WHAT YOU WILL DO:
Could you return every record below without changing a word?

▬▬▬

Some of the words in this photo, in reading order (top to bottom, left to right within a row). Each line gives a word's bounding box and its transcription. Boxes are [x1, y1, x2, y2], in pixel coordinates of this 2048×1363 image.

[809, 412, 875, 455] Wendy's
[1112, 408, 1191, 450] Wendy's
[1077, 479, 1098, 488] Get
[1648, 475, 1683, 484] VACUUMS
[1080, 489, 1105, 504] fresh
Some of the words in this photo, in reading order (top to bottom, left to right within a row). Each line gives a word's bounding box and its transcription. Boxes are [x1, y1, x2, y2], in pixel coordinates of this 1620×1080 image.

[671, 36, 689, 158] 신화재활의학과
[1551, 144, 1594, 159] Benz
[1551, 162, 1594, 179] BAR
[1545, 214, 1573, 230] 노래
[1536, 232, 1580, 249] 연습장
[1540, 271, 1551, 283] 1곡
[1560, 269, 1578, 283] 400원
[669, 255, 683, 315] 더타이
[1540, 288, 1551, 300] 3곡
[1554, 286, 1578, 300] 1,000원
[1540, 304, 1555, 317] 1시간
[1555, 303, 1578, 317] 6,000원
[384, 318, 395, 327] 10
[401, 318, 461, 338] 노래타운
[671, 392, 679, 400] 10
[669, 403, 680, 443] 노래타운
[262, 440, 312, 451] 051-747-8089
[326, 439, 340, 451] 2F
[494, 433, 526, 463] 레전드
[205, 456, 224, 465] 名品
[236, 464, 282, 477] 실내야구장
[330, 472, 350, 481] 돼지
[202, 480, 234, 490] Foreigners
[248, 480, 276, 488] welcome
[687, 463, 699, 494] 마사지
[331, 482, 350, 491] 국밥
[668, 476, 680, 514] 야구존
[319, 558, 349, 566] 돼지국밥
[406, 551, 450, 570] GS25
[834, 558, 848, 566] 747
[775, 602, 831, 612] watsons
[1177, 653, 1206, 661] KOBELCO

▬▬▬

RESULT FOR THIS TASK:
Some of the words in this photo, in reading order (top to bottom, left to right within a row). Each line gives a word's bounding box and its transcription. Boxes are [x1, y1, x2, y2], in pixel coordinates of this 2048×1363 image.

[809, 412, 875, 455] Wendy's
[1112, 408, 1191, 450] Wendy's
[1077, 479, 1098, 488] Get
[1648, 475, 1683, 484] VACUUMS
[1080, 489, 1105, 504] fresh
Some of the words in this photo, in reading order (top to bottom, left to right within a row). Each line gives a word's bounding box and its transcription. Boxes are [x1, y1, x2, y2], in pixel coordinates of this 1620×1080 image.

[671, 36, 689, 158] 신화재활의학과
[1551, 144, 1594, 159] Benz
[1551, 162, 1594, 179] BAR
[1545, 214, 1573, 230] 노래
[1536, 232, 1580, 249] 연습장
[1540, 271, 1551, 283] 1곡
[1560, 269, 1578, 283] 400원
[669, 255, 683, 315] 더타이
[1540, 288, 1551, 300] 3곡
[1554, 286, 1578, 300] 1,000원
[1540, 304, 1555, 317] 1시간
[1555, 303, 1578, 317] 6,000원
[384, 318, 395, 327] 10
[401, 318, 461, 338] 노래타운
[671, 392, 679, 400] 10
[669, 403, 680, 443] 노래타운
[262, 440, 312, 451] 051-747-8089
[326, 439, 340, 451] 2F
[494, 433, 526, 463] 레전드
[205, 456, 224, 465] 名品
[236, 464, 282, 477] 실내야구장
[330, 472, 350, 481] 돼지
[202, 480, 234, 490] Foreigners
[248, 480, 276, 488] welcome
[687, 463, 699, 494] 마사지
[331, 482, 350, 491] 국밥
[668, 476, 680, 514] 야구존
[319, 558, 349, 566] 돼지국밥
[406, 551, 450, 570] GS25
[834, 558, 848, 566] 747
[775, 602, 831, 612] watsons
[1177, 653, 1206, 661] KOBELCO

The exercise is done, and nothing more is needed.